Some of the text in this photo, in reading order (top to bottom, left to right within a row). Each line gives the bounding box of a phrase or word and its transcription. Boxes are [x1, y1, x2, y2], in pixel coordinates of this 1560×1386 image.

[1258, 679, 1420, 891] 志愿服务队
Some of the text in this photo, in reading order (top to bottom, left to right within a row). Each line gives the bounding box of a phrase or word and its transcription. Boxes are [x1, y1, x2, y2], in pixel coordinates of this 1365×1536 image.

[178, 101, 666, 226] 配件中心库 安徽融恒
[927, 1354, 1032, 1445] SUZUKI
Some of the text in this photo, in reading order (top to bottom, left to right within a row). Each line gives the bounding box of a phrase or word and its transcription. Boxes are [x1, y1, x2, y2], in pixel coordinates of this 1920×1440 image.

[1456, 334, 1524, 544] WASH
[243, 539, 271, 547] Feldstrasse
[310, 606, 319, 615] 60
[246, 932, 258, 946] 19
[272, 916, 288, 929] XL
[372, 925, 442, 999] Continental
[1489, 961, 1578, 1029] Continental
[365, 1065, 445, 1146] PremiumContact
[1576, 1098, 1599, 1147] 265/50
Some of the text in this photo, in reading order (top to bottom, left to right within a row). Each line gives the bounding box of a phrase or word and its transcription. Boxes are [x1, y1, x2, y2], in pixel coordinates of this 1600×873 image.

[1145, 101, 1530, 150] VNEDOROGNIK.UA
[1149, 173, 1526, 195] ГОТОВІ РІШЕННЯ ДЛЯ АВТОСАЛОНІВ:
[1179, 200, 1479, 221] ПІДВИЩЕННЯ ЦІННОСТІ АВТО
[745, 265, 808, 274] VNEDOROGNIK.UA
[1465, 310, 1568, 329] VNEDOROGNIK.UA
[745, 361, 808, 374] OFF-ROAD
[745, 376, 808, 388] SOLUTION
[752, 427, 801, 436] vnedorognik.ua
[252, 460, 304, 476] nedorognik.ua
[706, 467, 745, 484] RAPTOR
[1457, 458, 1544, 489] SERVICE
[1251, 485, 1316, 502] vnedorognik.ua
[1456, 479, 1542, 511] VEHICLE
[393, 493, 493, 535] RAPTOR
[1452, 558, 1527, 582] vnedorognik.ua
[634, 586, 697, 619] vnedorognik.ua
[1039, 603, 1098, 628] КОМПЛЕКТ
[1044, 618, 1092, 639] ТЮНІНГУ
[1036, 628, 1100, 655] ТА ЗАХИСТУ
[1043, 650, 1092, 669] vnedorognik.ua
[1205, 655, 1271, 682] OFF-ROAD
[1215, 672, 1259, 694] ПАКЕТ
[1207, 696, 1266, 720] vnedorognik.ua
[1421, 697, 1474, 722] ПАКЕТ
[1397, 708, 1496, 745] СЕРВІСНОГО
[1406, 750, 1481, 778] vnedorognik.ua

# Exercise requirements
Extract every record. Keep wording exact.

# Reply
Some of the text in this photo, in reading order (top to bottom, left to right within a row). Each line gives the bounding box of a phrase or word and its transcription. Boxes are [x1, y1, x2, y2], in pixel coordinates of this 1560×1386 image.

[1258, 679, 1420, 891] 志愿服务队
Some of the text in this photo, in reading order (top to bottom, left to right within a row). Each line gives the bounding box of a phrase or word and its transcription. Boxes are [x1, y1, x2, y2], in pixel coordinates of this 1365×1536 image.

[178, 101, 666, 226] 配件中心库 安徽融恒
[927, 1354, 1032, 1445] SUZUKI
Some of the text in this photo, in reading order (top to bottom, left to right within a row). Each line gives the bounding box of a phrase or word and its transcription. Boxes are [x1, y1, x2, y2], in pixel coordinates of this 1920×1440 image.

[1456, 334, 1524, 544] WASH
[243, 539, 271, 547] Feldstrasse
[310, 606, 319, 615] 60
[246, 932, 258, 946] 19
[272, 916, 288, 929] XL
[372, 925, 442, 999] Continental
[1489, 961, 1578, 1029] Continental
[365, 1065, 445, 1146] PremiumContact
[1576, 1098, 1599, 1147] 265/50
Some of the text in this photo, in reading order (top to bottom, left to right within a row). Each line gives the bounding box of a phrase or word and its transcription. Boxes are [x1, y1, x2, y2], in pixel coordinates of this 1600×873 image.

[1145, 101, 1530, 150] VNEDOROGNIK.UA
[1149, 173, 1526, 195] ГОТОВІ РІШЕННЯ ДЛЯ АВТОСАЛОНІВ:
[1179, 200, 1479, 221] ПІДВИЩЕННЯ ЦІННОСТІ АВТО
[745, 265, 808, 274] VNEDOROGNIK.UA
[1465, 310, 1568, 329] VNEDOROGNIK.UA
[745, 361, 808, 374] OFF-ROAD
[745, 376, 808, 388] SOLUTION
[752, 427, 801, 436] vnedorognik.ua
[252, 460, 304, 476] nedorognik.ua
[706, 467, 745, 484] RAPTOR
[1457, 458, 1544, 489] SERVICE
[1251, 485, 1316, 502] vnedorognik.ua
[1456, 479, 1542, 511] VEHICLE
[393, 493, 493, 535] RAPTOR
[1452, 558, 1527, 582] vnedorognik.ua
[634, 586, 697, 619] vnedorognik.ua
[1039, 603, 1098, 628] КОМПЛЕКТ
[1044, 618, 1092, 639] ТЮНІНГУ
[1036, 628, 1100, 655] ТА ЗАХИСТУ
[1043, 650, 1092, 669] vnedorognik.ua
[1205, 655, 1271, 682] OFF-ROAD
[1215, 672, 1259, 694] ПАКЕТ
[1207, 696, 1266, 720] vnedorognik.ua
[1421, 697, 1474, 722] ПАКЕТ
[1397, 708, 1496, 745] СЕРВІСНОГО
[1406, 750, 1481, 778] vnedorognik.ua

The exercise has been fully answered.